While much of the nation sits in a deep freeze, here I am, in my nice warm family room, looking out at a sunny blue sky day. The ground is covered with snow (four inches of it), and the thermometer reads 9°. With temperatures like this, I'm glad we've got the snow cover, because it helps insulate the plants from the cold.
Mulching helps keep roots warm, and I'm glad I added more to the base of some of the more tender plants this fall. But it's still pretty darn cold under that mulch and snow, and the ground is frozen solid. How do the perennials live to see another spring?

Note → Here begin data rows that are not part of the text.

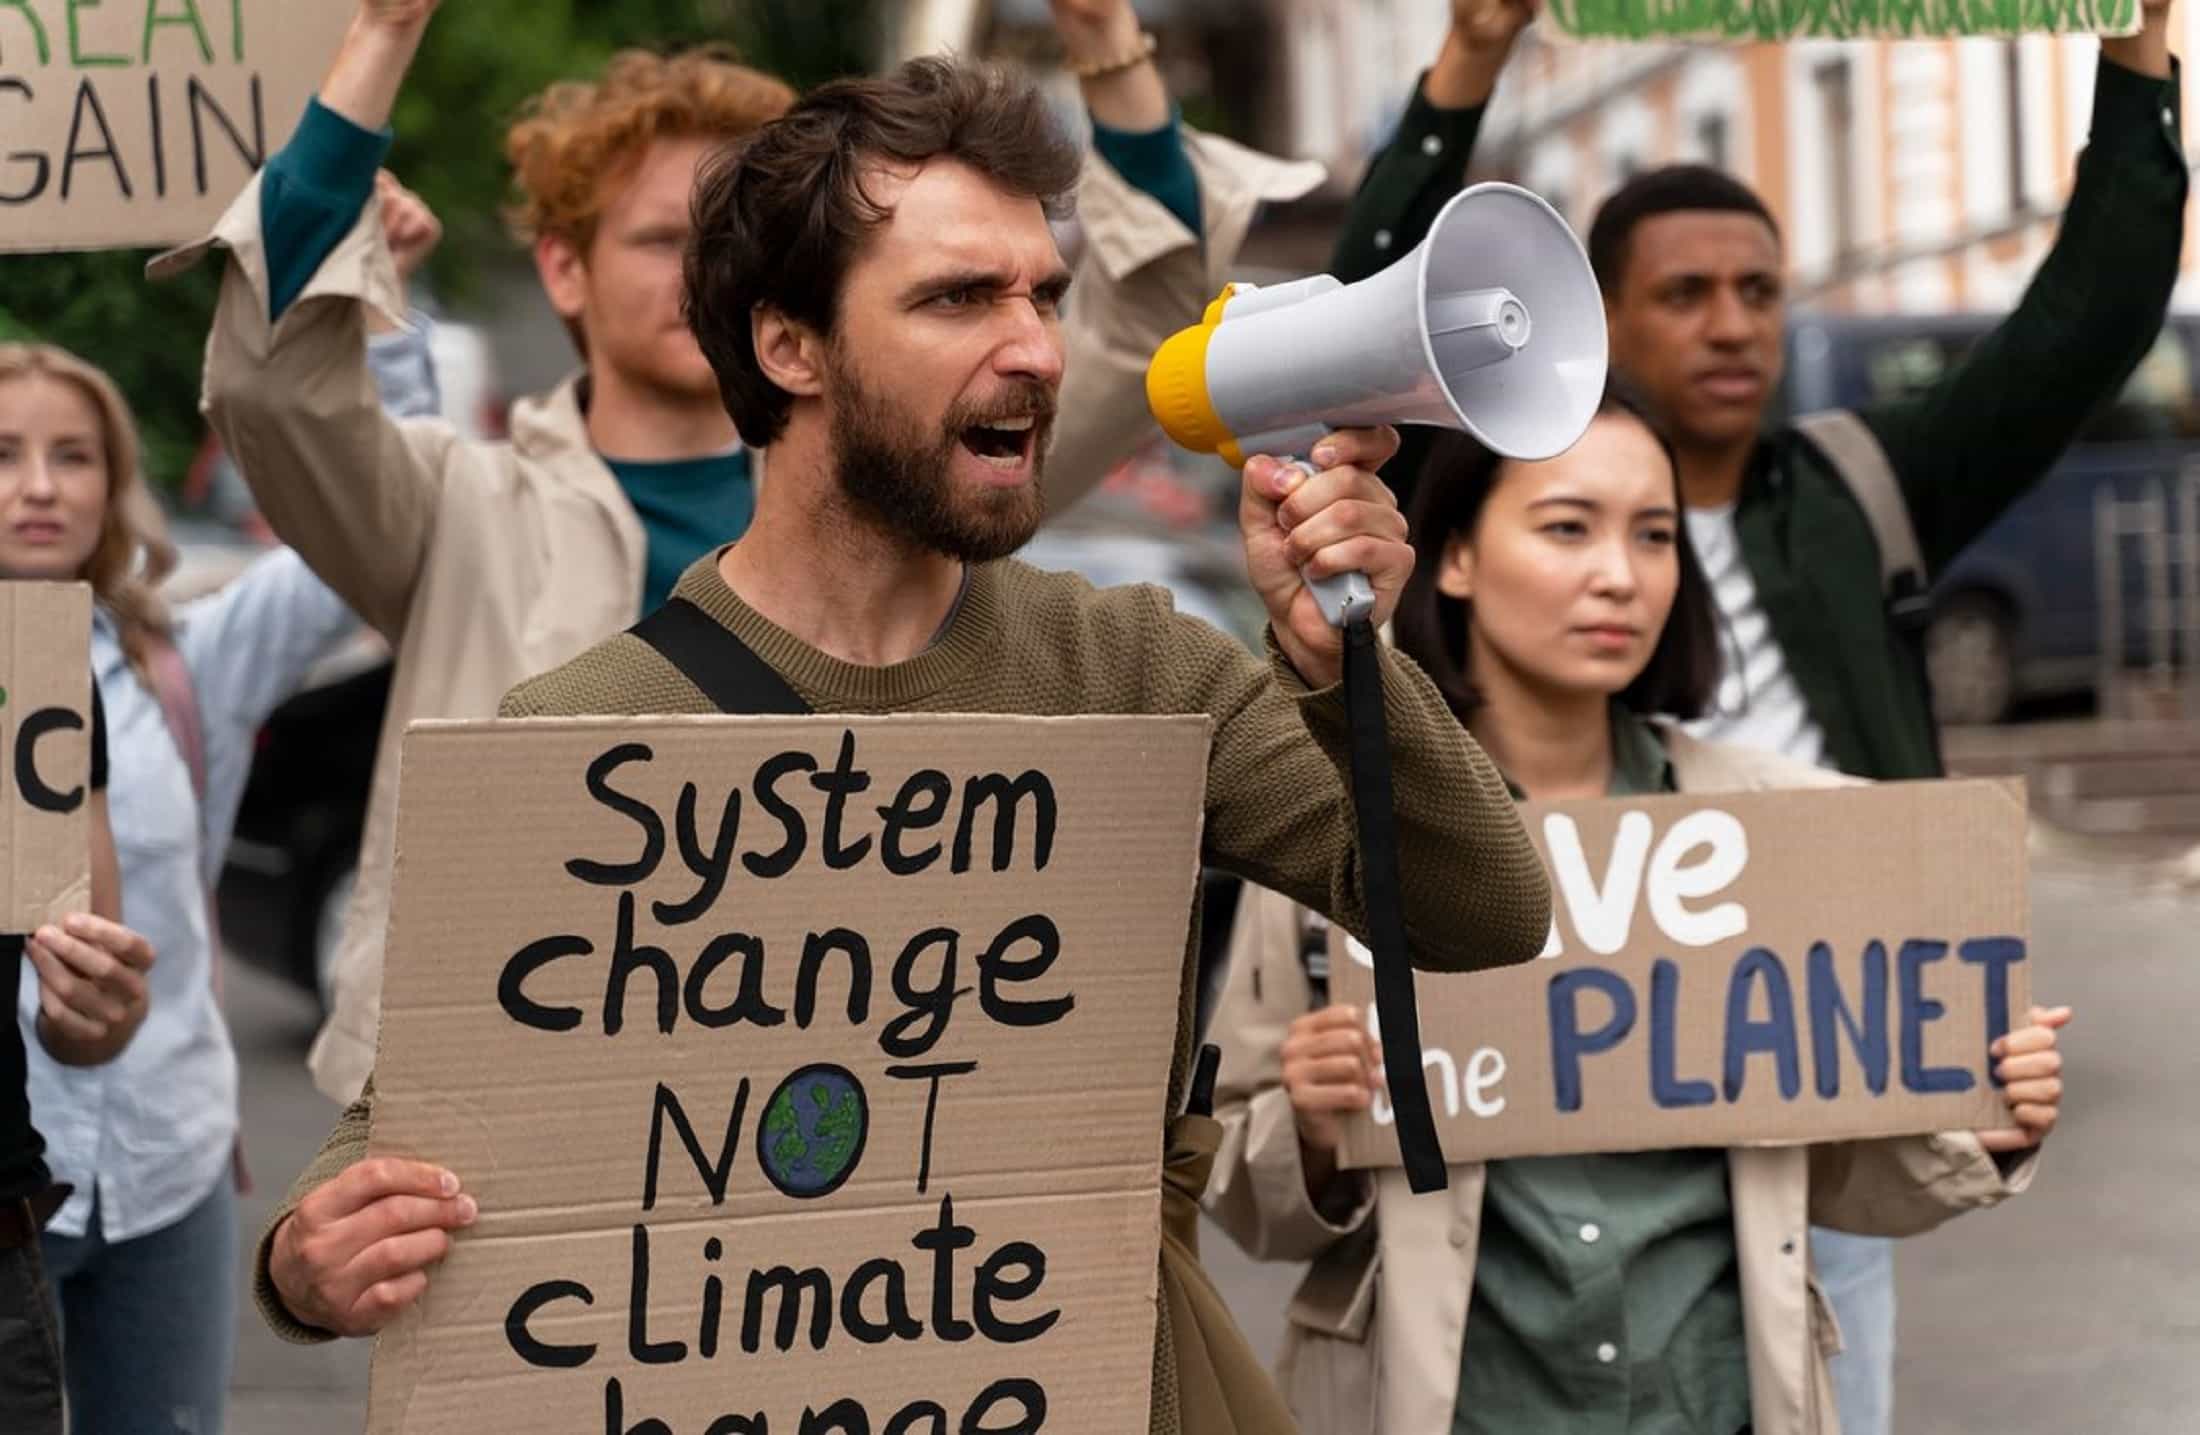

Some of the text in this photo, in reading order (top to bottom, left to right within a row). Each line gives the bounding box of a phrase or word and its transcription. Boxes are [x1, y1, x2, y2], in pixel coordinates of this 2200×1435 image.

[564, 729, 1058, 926] System
[497, 890, 1075, 1059] change
[1547, 936, 2027, 1112] PLANET
[641, 1060, 979, 1211] NOT
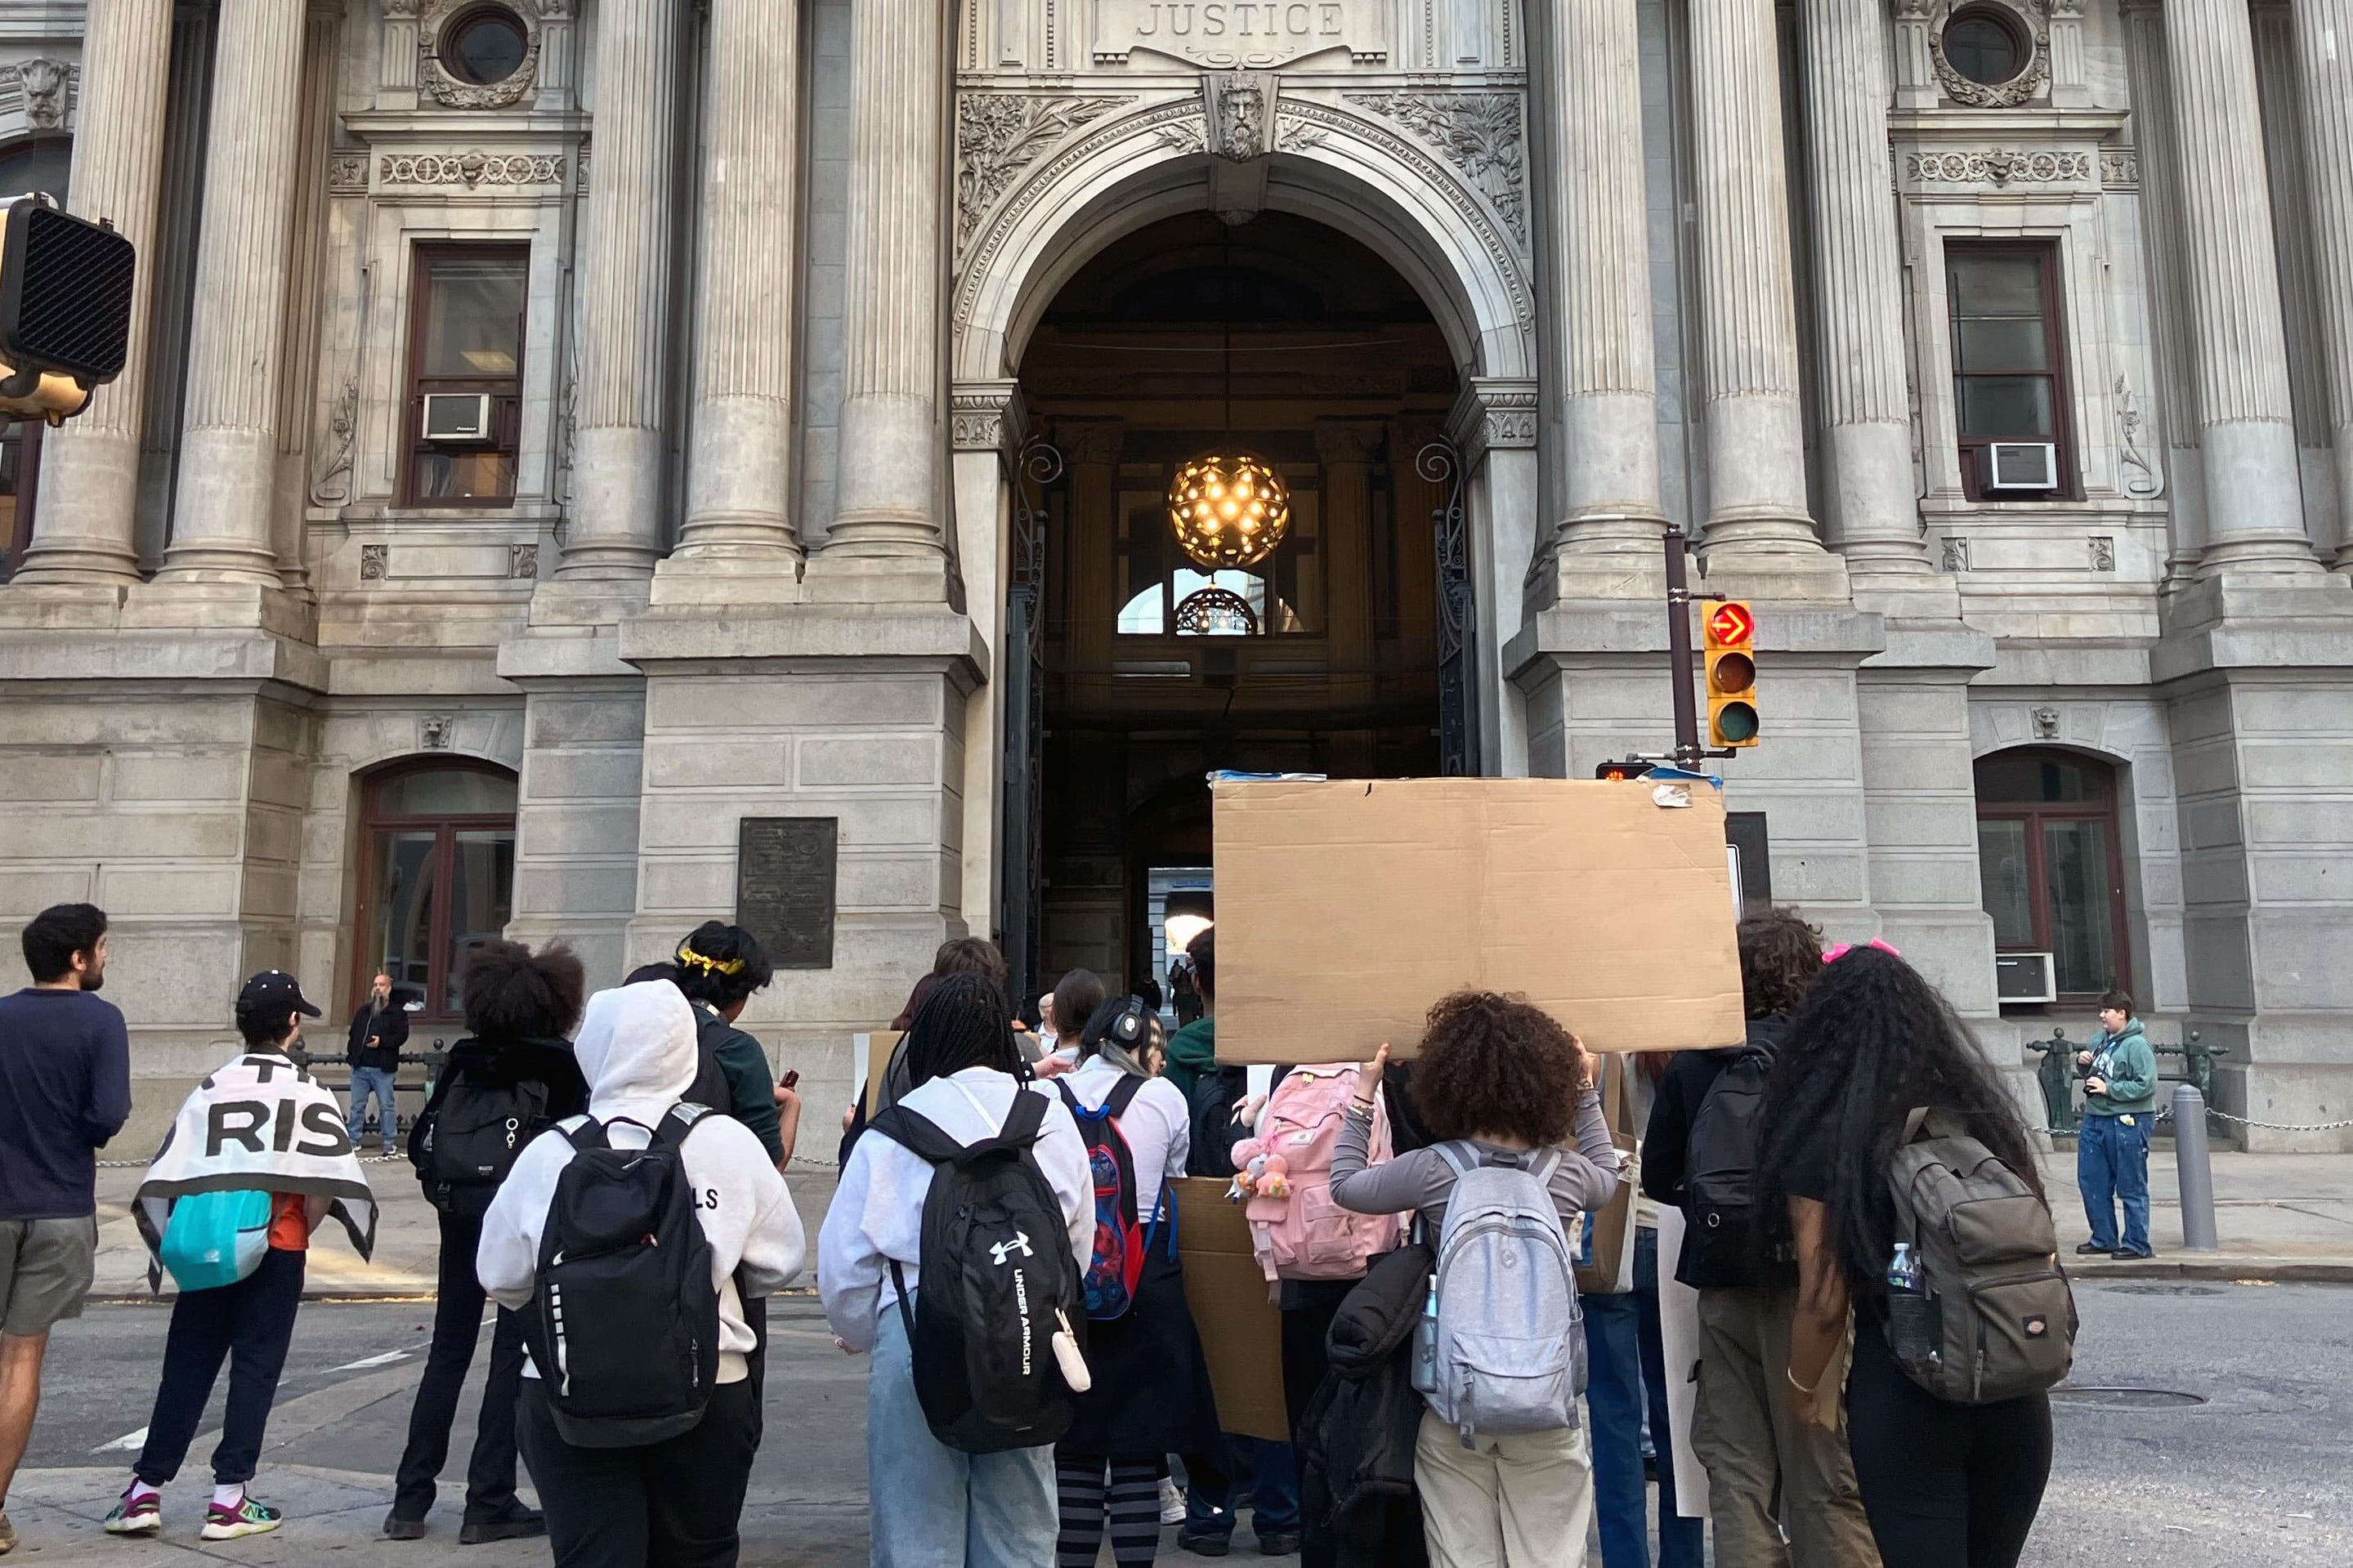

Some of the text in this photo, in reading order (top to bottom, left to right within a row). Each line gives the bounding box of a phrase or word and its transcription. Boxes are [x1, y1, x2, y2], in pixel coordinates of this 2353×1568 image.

[1136, 3, 1342, 36] JUSTICE
[1013, 1269, 1031, 1375] UNDER ARMOUR

Of course, some survive better than others. That's what the USDA hardiness zone ratings are for; a plant that's only hardy to my zone 5 won't make it in Alaska's zone 2. But the mechanism that allows a plant to return in the spring after a winter of below freezing temperatures is the same.
Many perennials lose the parts of their plants that are exposed as the temperatures drop. The roots in the ground move as much of the the water in their tissue's cells into the surrounding ground as possible. With less moisture in the plant's cells, a certain amount of freezing and thawing can occur without rupturing those cells.
Also, sugars and salts in those roots act as a natural antifreeze. By lowering the freezing point of the water in the plant's cells, it allows them to survive lower temperatures. Think about what happens to ice and snow when you salt the sidewalks. It works much the same way in plants.
I'm not a botanist, but that's basically the gist of it. Pretty cool, huh?